The Community as the Patient: How to Promote Community Recovery

Recovery from alcohol and other drug problems has typically been conceived as a personal transformation, but what happens when the substance use problem is community-wide?

 WHAT PROBLEM DOES THIS STUDY ADDRESS?

Recovery from alcohol and other drug problems has often been referred to as problem resolution and quality of life improvements that occur on a personal level. Beyond the personal level, widespread problematic use of alcohol and other drugs can deteriorate system level resources such as strong families, tight social networks, and indigenous community institutions. Over time, when hopelessness and learned helplessness become ingrained in community culture and transmitted across generations, the community itself is in need of recovery from alcohol and other drug problems. Little attention has been paid to recovery on a community level; therefore, there is a need to identify strategies used to promote community recovery. The purpose of this article was to draw on the authors’ experiences within a recovery-focused behavioral health care systems transformation to define community recovery and outline some working principles.

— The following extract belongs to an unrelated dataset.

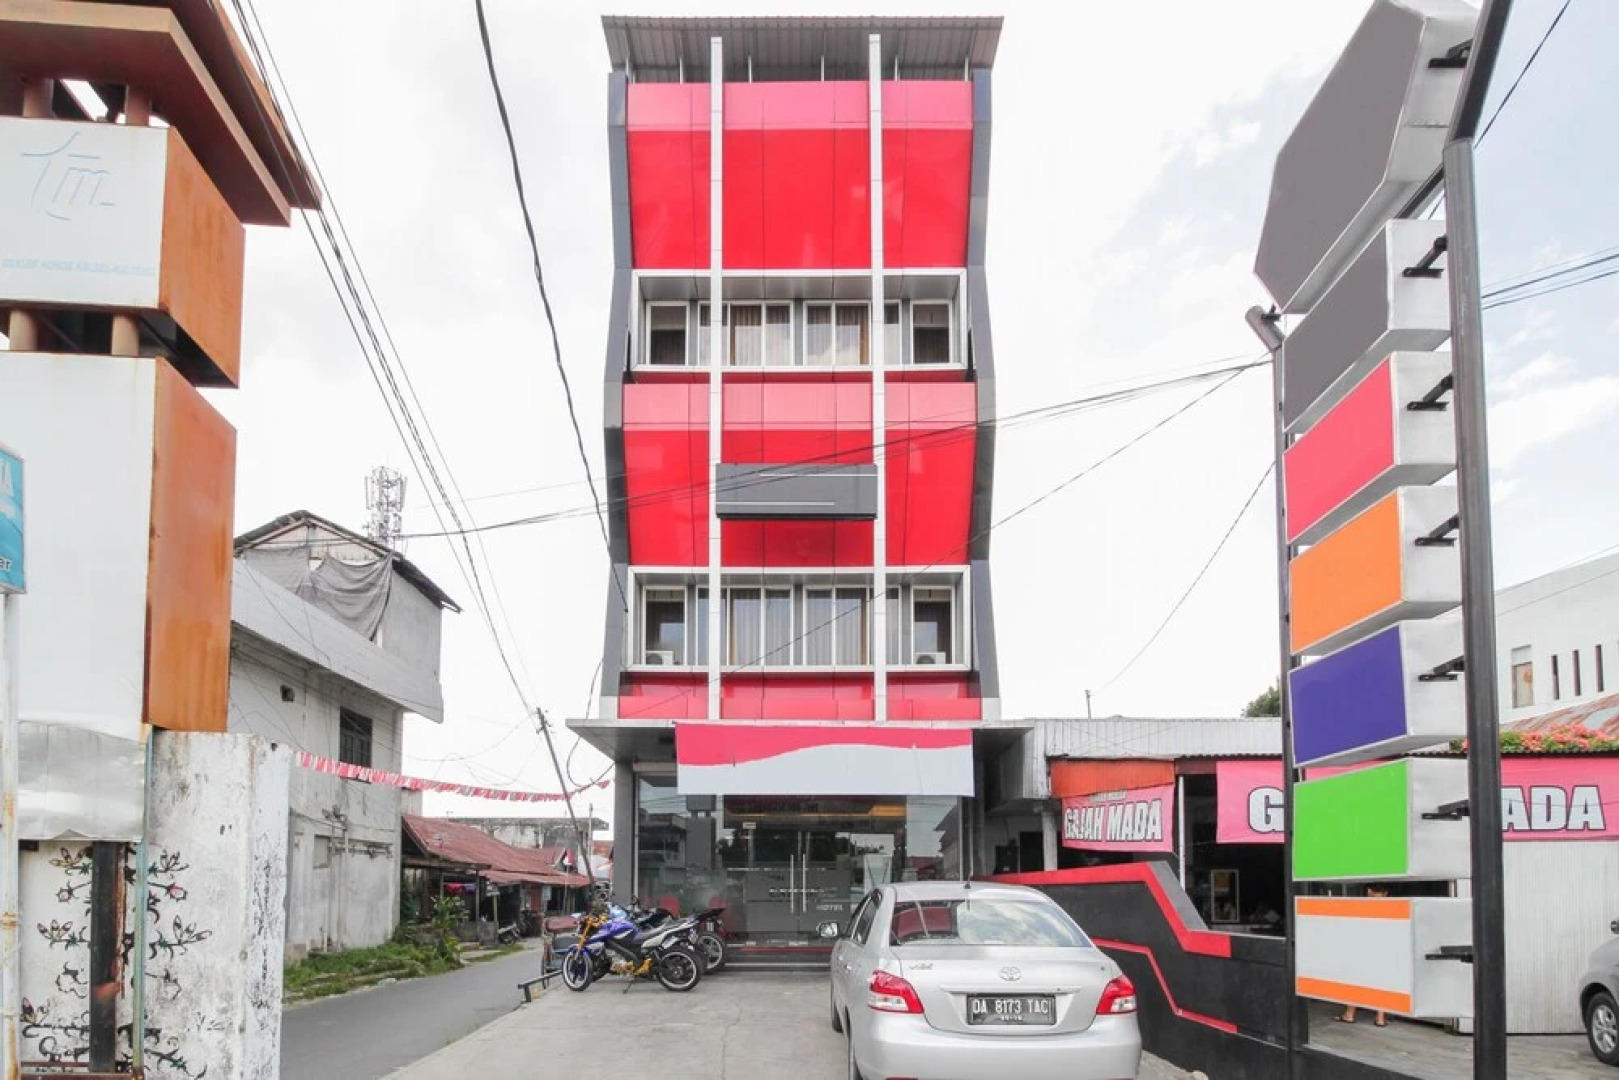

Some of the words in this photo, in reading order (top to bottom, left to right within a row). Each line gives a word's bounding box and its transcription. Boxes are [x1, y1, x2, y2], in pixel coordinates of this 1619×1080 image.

[1106, 798, 1163, 842] MADA
[1500, 785, 1607, 832] ADA
[972, 999, 987, 1014] DA
[995, 999, 1021, 1014] 8173
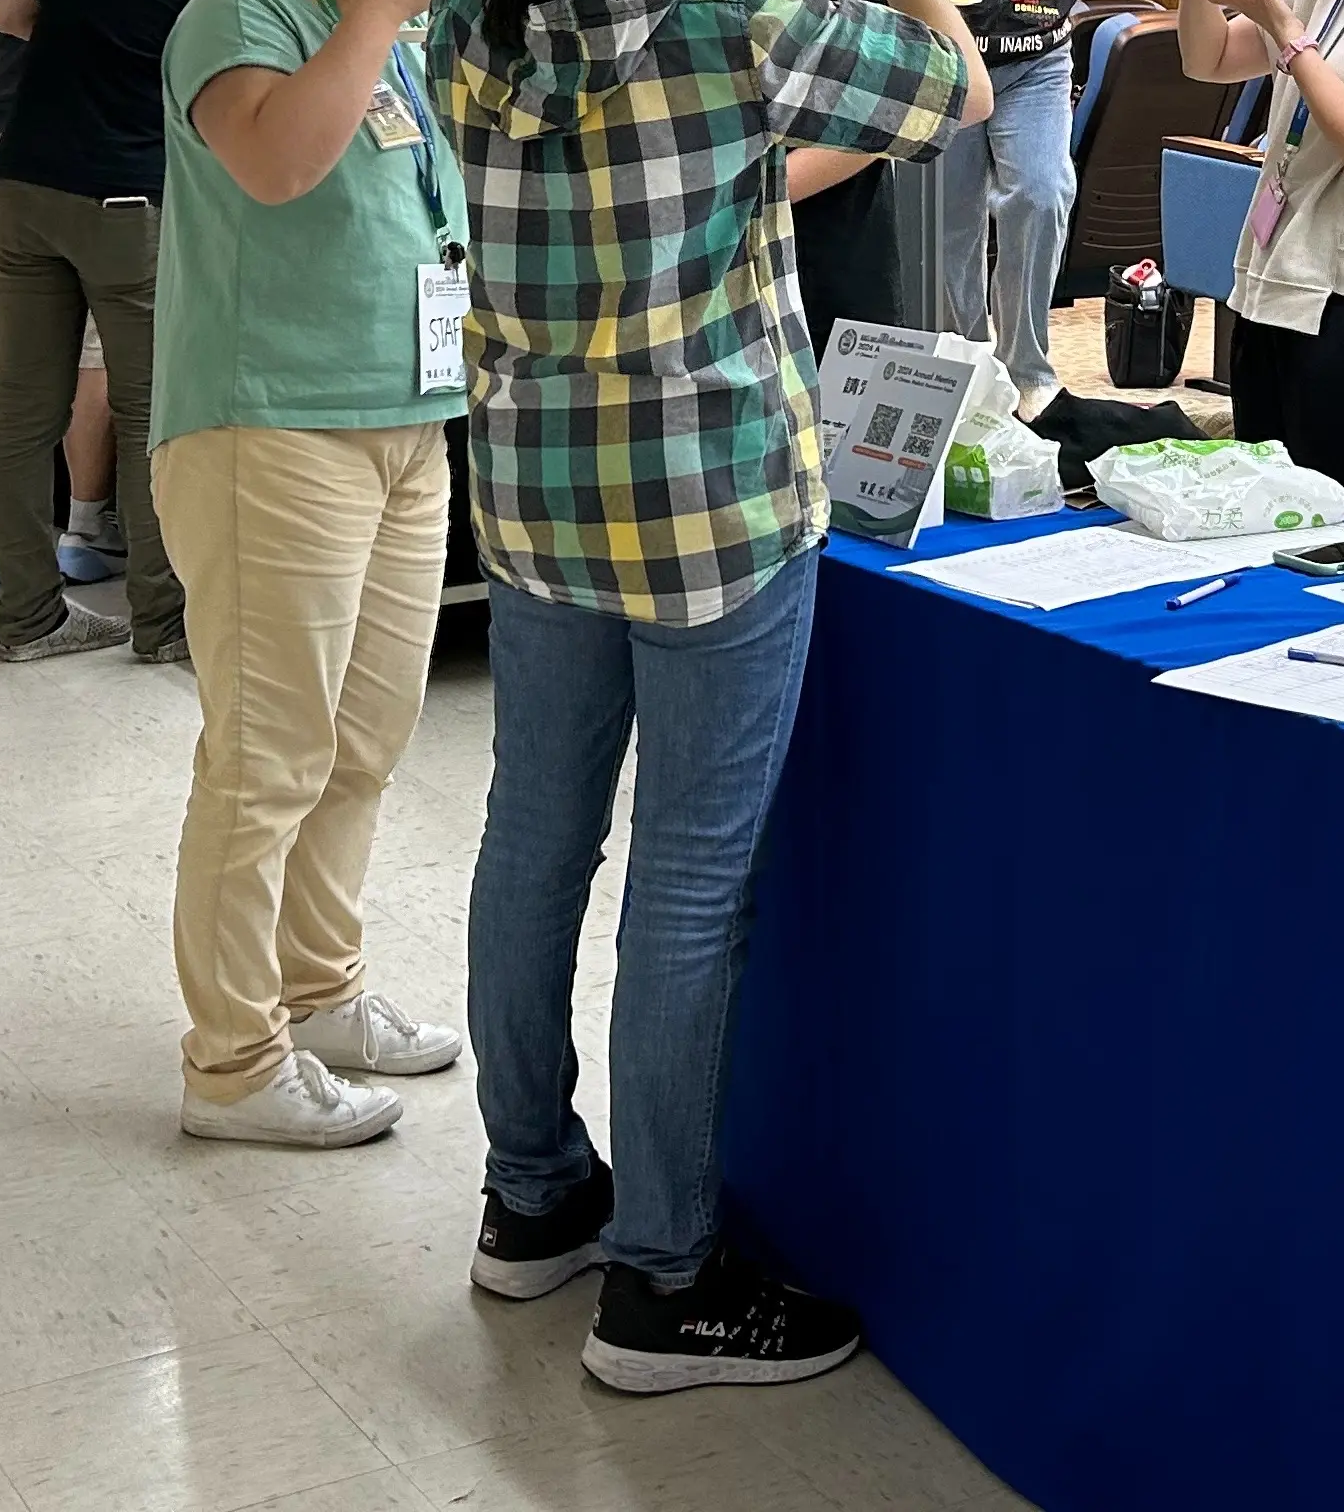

HOW WAS THIS STUDY CONDUCTED?

For 5 years the authors were involved in a recovery-focused renovation in the behavioral healthcare system in Philadelphia, PA. They navigated a complex system of personal, family, neighborhood, and community health factors. Although the primary focus was on enhancing recovery outcomes for individuals and families affected by behavioral health disorders, they routinely reexamined the idea of community recovery as both a goal and method. In the process, they identified several strategies that promoted recovery from alcohol and other drugs at multiple levels.

WHAT DID THIS STUDY FIND?

Using a case study, the authors identified the methods most linked to the goal of community recovery in the forms of inspiration of hope, creating a network of recovering communities, mobilizing internal and external resources, creating a vision, and increasing trust.

 

(Evans, 2014)

WHY IS THIS STUDY IMPORTANT

Larger social systems within communities and neighborhoods can be devastated also by the prolonged effects of alcohol and other drugs and ultimately undermine recovery efforts. This article outlines strategies on how social systems can be targeted to support recovery at the community level, which in turn, can foster recovery on the individual level. Community recovery is more than the individual recovery of community members, it involves “strengthening the connective tissue” between people with and without active alcohol and other drug problems, while rebuilding and sustaining the quality of community life. Strategies of community building and rejuvenation (Table 1), can be paired with, or stand as an alternative to clinical models of intervention (click here for a social enterprise model called Jobs, Friends, and Houses), depending on the needs of the community.

LIMITATIONS
  1. This is a single case study of a behavioral healthcare renovation project. It offers important strategies and reasoning but is not quantified for empirical analyses, thus the reduction in prevalence of alcohol and other drug problems or the uptick in community resources is unknown.

NEXT STEPS

Previous models to intervene in alcohol and other drug problems have used treatment facilities in which trained professionals would screen and treat individuals and families. Future work could conceptualize the community as the patient conducting assessments, making informed diagnoses of the nature of the problems, and mobilize and catalyze recovery processes for the community as a whole.

BOTTOM LINE

  • For individuals & families seeking recovery: People in distressed communities need opportunities to share their experiences. Personal recovery from alcohol and other drugs can translate into collective recovery when you can see your story as part of a larger story (i.e., “I” to “we”). Consider engaging in focus groups, town meetings, and other listening forms where people can share their experience, strength, and hope.
  • For scientists: This article suggested that a neighborhood, community, or culture can be said to be in need of recovery when alcohol and other drug related problems reach levels of prevalence and severity that threaten collective health and functioning and are transmitted generationally. Conducting recovery prevalence surveys, mapping problem severity by zip code, and establishing recovery-focused system performance benchmarks are all areas that scientists can contribute to that will advance efforts for community recovery.
  • For policy makers: In this case study, the authors demonstrated and documented revitalization efforts at the community level to improve recovery from alcohol and other drug problems. There are multiple pathways and styles of community recovery and renewal. Funding a Recovery Community Center or building recovery support into other settings such as schools, churches, businesses, arts, and sports will increase the social space for recovery. Successful strategies for community recovery should achieve good fits at both the community and cultural levels.
  • For treatment professionals and treatment systems: As treatment systems start to emphasize recovery and resilience as complementary goals to reductions in pathology, their vision will inevitably identify the inter-connectedness of the individual within a larger ecology and plans of individual recovery will be extended to that of the community. Hosting meetings that mix treatment providers, allied professionals, individuals, family members, and grassroots organizations may help connect service providers and the larger community in ways that are synergistic and mutually beneficial. Creating structured exercises in relationship-building will decrease polarization and us-versus-them mentality (i.e., one group versus the other group).

CITATIONS

Evans, A.C., Lamb, R., & White, W. (2013). The community as the patient: Recovery-focused community mobilization in Philadelphia, PA (USA), 2005-2012. Alcoholism Treatment Quarterly, 31(4), 450-465.